Being born from above (born again into the Spirit) was a new covenant thing -
I thought being born again = regeneration = spiritual birth, which is what all OT saints would need to even have faith, no?
OT saints were quickened by the Holy Spirit
Isn't this the same thing as being born again? Being made alive spiritually?
Apostles (whom we recognize as OT saints)
I thought they were NT saints, since we don't read of them until the NT.
September 23, 2007 8:48 AM
Matthew,
Not to worry about the "we won't tase you" joke. It's a way-blown-out-of-proportion story about a college student who disrupted the peace and wasn't complying with the police as tried to remove him from the university event where he was screaming and shouting beyond normal protocol for such an event. While the young man was resisting arrest, the police used a taser gun on him to control him.
In this day of cell phone cameras and the like, the whole thing was caught on so many video camcorders and phones that radio and TV media are playing non-stop the kid screaming "Don't tase me bro'!" and then his screams of pain. Protests about police brutality are gaining headlines as well - along with any other taser story the media can dig up.
September 23, 2007 8:55 AM
Susan,
When I write NT I don't typically mean found in those 27 books that follow Malachi - rather I am referring to which economy (old promises or new) were the individuals saved under.
The Apostles did not enter into the new Covenant until after it was inaugurated at Pentecost. That is when they received the Holy Spirit - the "promised" Holy Spirit? (c.f. Acts 1:4-6). The indwelling of the Holy Spirit is the fulfillment of the new Covenant promises. The OT saints did not receive the benefits of these promises.
From Pentecost onward, those who are justified have entered into the new covenant, and not the old - so that the moment they are justified they are likewise baptized into Christ by the Holy Spirit - that is, the moment they are justified they are born from above.

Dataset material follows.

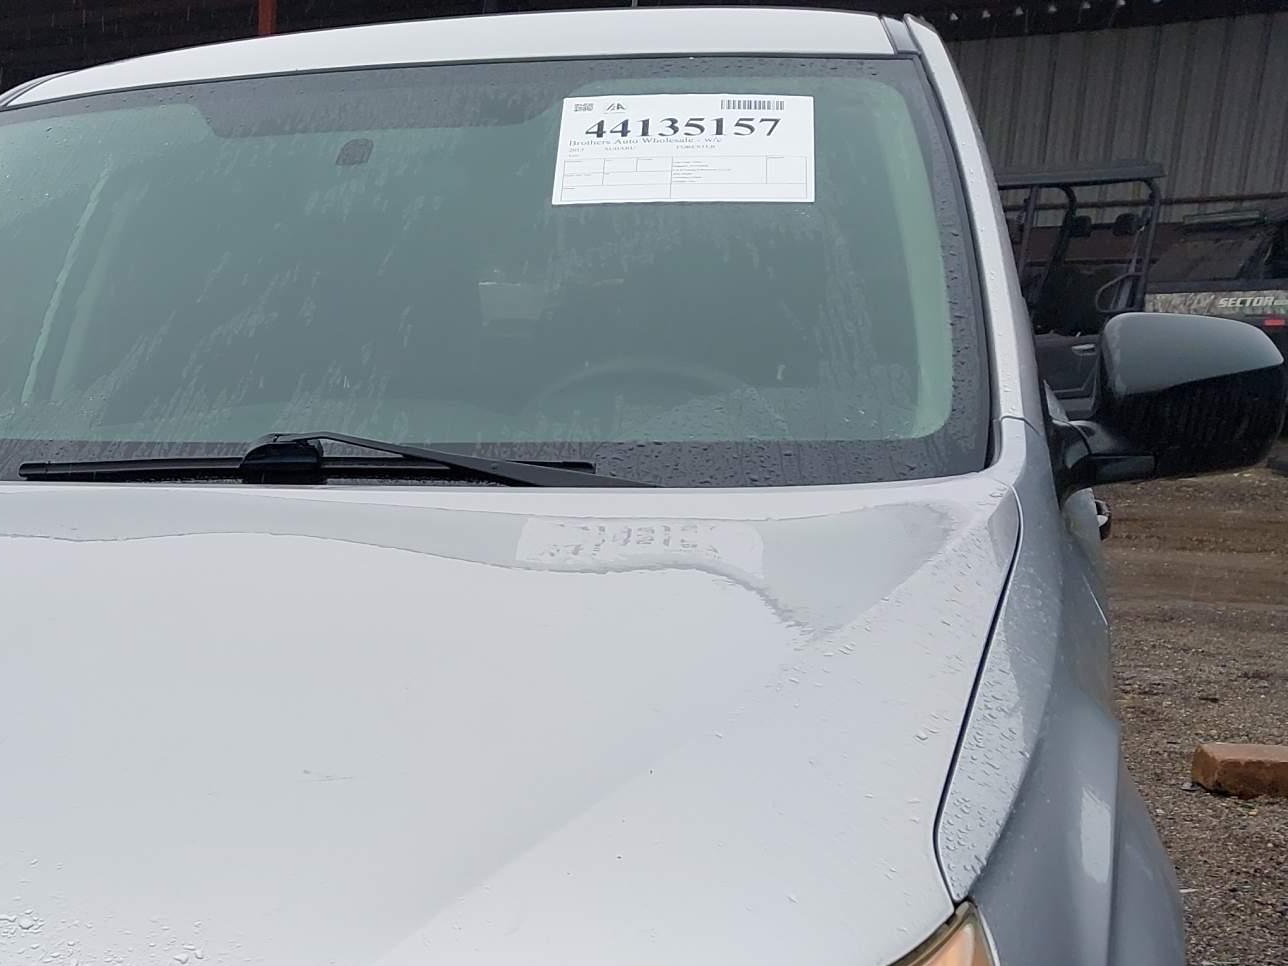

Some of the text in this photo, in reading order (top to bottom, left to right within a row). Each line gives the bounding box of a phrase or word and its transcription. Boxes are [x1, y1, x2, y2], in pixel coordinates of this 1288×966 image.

The two come coupled together now such that the distinction is not something we are given to think about, since we never *see* it, this side of Pentecost.
Being born again is -not- synonymous with being justified by faith, but since the two happen simultaneously now, many people regard the two as being synonymous.
But a distinction is necessary if we are to understand what being born again is - it is being baptized into Christ and thereafter indwelt by the Holy Spirit. It happens the moment we are justified by faith, but it isn't our salvation - it is a consequence of it that only happens this side of Pentecost.
I wrote a very thorough reply, but it was too long, and I saw in it the capacity for many spin off conversations that I wouldn't have the time to pursue with the vigor they would deserve.
So that is it in a nutshell. Let me know if it is enough.